Zarkoob Hadi, Lewinsky Sarah, Almgren Peter, Melander Olle, Fakhrai-Rad Hossein
BaseHealth Inc., Sunnyvale, California, United States of America.
Department of Clinical Sciences, Lund University, Malmö, Sweden.
PLoS One. 2017 Jul 12;12(7):e0180180. doi: 10.1371/journal.pone.0180180. eCollection 2017.
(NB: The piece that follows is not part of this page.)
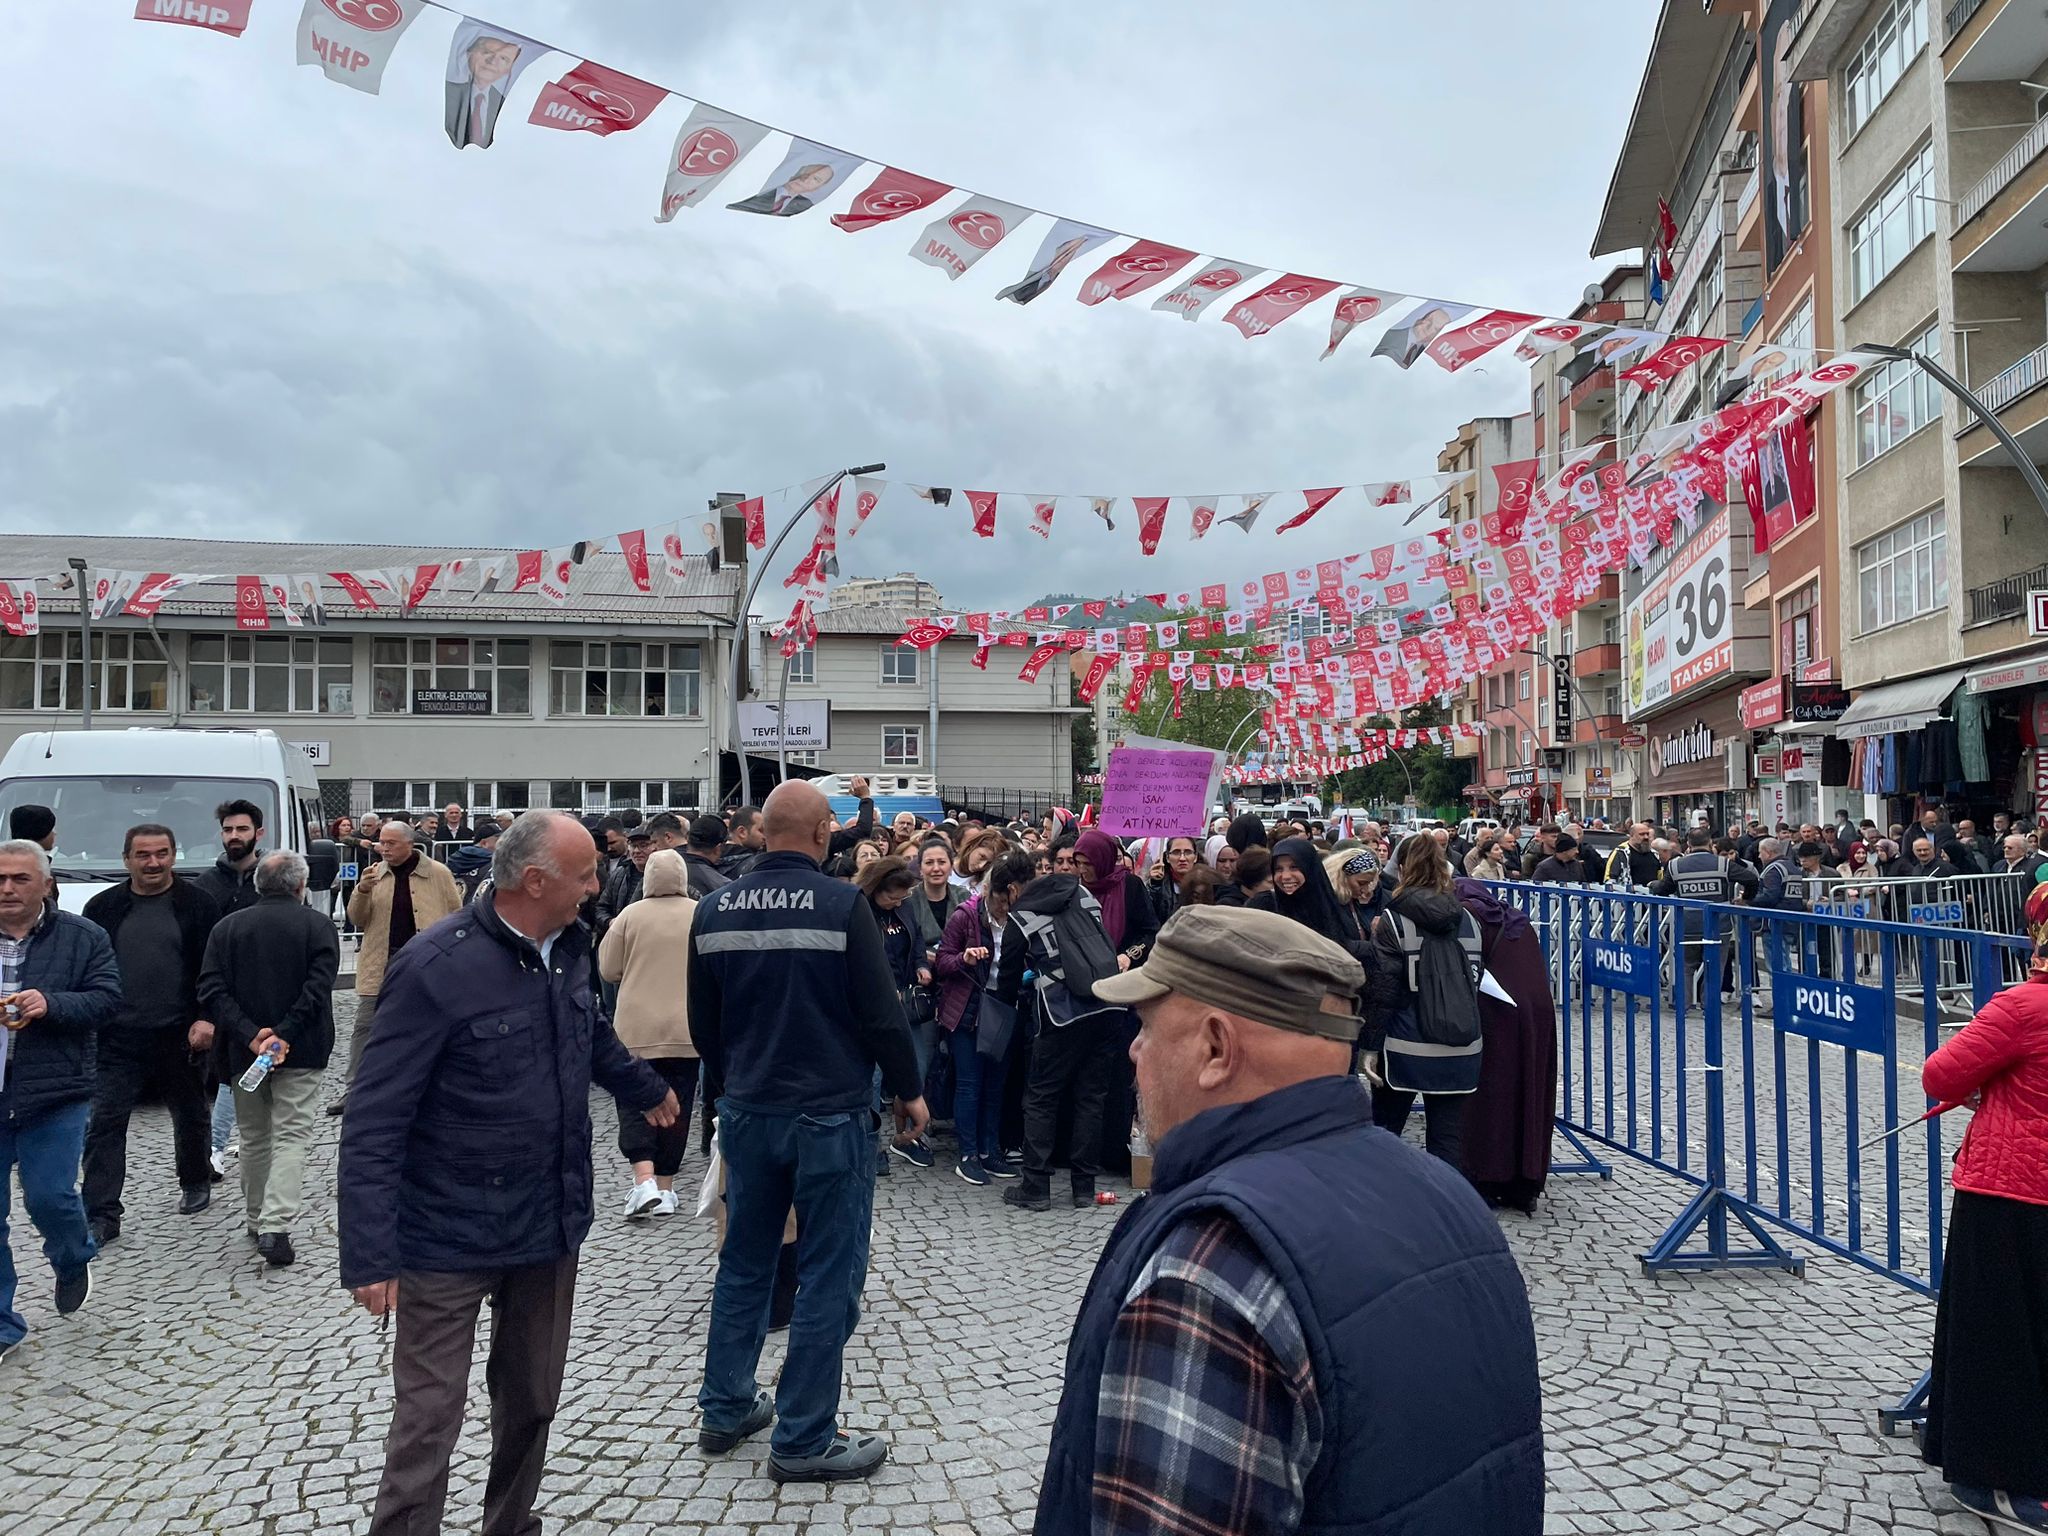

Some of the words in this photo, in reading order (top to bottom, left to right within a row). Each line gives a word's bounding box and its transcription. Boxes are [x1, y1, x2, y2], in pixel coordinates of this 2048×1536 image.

The aim of this study was to measure the impact of genetic data in improving the prediction of type 2 diabetes (T2D) in the Malmö Diet and Cancer Study cohort. The current study was performed in 3,426 Swedish individuals and utilizes of a set of genetic and environmental risk data. We first validated our environmental risk model by comparing it to both the Finnish Diabetes Risk Score and the T2D risk model derived from the Framingham Offspring Study. The area under the curve (AUC) for our environmental model was 0.72 [95% CI, 0.69-0.74], which was significantly better than both the Finnish (0.64 [95% CI, 0.61-0.66], p-value < 1 x 10-4) and Framingham (0.69 [95% CI, 0.66-0.71], p-value = 0.0017) risk scores. We then verified that the genetic data has a statistically significant positive correlation with incidence of T2D in the studied population. We also verified that adding genetic data slightly but statistically increased the AUC of a model based only on environmental risk factors (RFs, AUC shift +1.0% from 0.72 to 0.73, p-value = 0.042). To study the dependence of the results on the environmental RFs, we divided the population into two equally sized risk groups based only on their environmental risk and repeated the same analysis within each subpopulation. While there is a statistically significant positive correlation between the genetic data and incidence of T2D in both environmental risk categories, the positive shift in the AUC remains statistically significant only in the category with the lower environmental risk. These results demonstrate that genetic data can be used to increase the accuracy of T2D prediction. Also, the data suggests that genetic data is more valuable in improving T2D prediction in populations with lower environmental risk. This suggests that the impact of genetic data depends on the environmental risk of the studied population and thus genetic association studies should be performed in light of the underlying environmental risk of the population.
本研究的目的是在马尔默饮食与癌症研究队列中,衡量基因数据对改善2型糖尿病(T2D)预测的影响。当前的研究在3426名瑞典个体中进行,并利用了一组基因和环境风险数据。我们首先通过将我们的环境风险模型与芬兰糖尿病风险评分以及从弗雷明汉后代研究得出的T2D风险模型进行比较,对其进行了验证。我们环境模型的曲线下面积(AUC)为0.72 [95%置信区间,0.69 - 0.74],这显著优于芬兰模型(0.64 [95%置信区间,0.61 - 0.66],p值 < 1×10⁻⁴)和弗雷明汉模型(0.69 [95%置信区间,0.66 - 0.71],p值 = 0.0017)的风险评分。然后我们验证了基因数据与所研究人群中T2D的发病率具有统计学上显著的正相关性。我们还验证了添加基因数据虽微小但在统计学上增加了仅基于环境风险因素的模型的AUC(风险因素,AUC从0.72变为0.73,偏移 +1.0%,p值 = 0.042)。为了研究结果对环境风险因素的依赖性,我们仅根据环境风险将人群分为两个规模相等的风险组,并在每个亚组内重复相同的分析。虽然在两个环境风险类别中基因数据与T2D发病率之间均存在统计学上显著的正相关性,但AUC的正向偏移仅在环境风险较低的类别中在统计学上仍然显著。这些结果表明基因数据可用于提高T2D预测的准确性。此外,数据表明基因数据在改善环境风险较低人群的T2D预测方面更有价值。这表明基因数据的影响取决于所研究人群的环境风险,因此基因关联研究应根据人群潜在的环境风险来进行。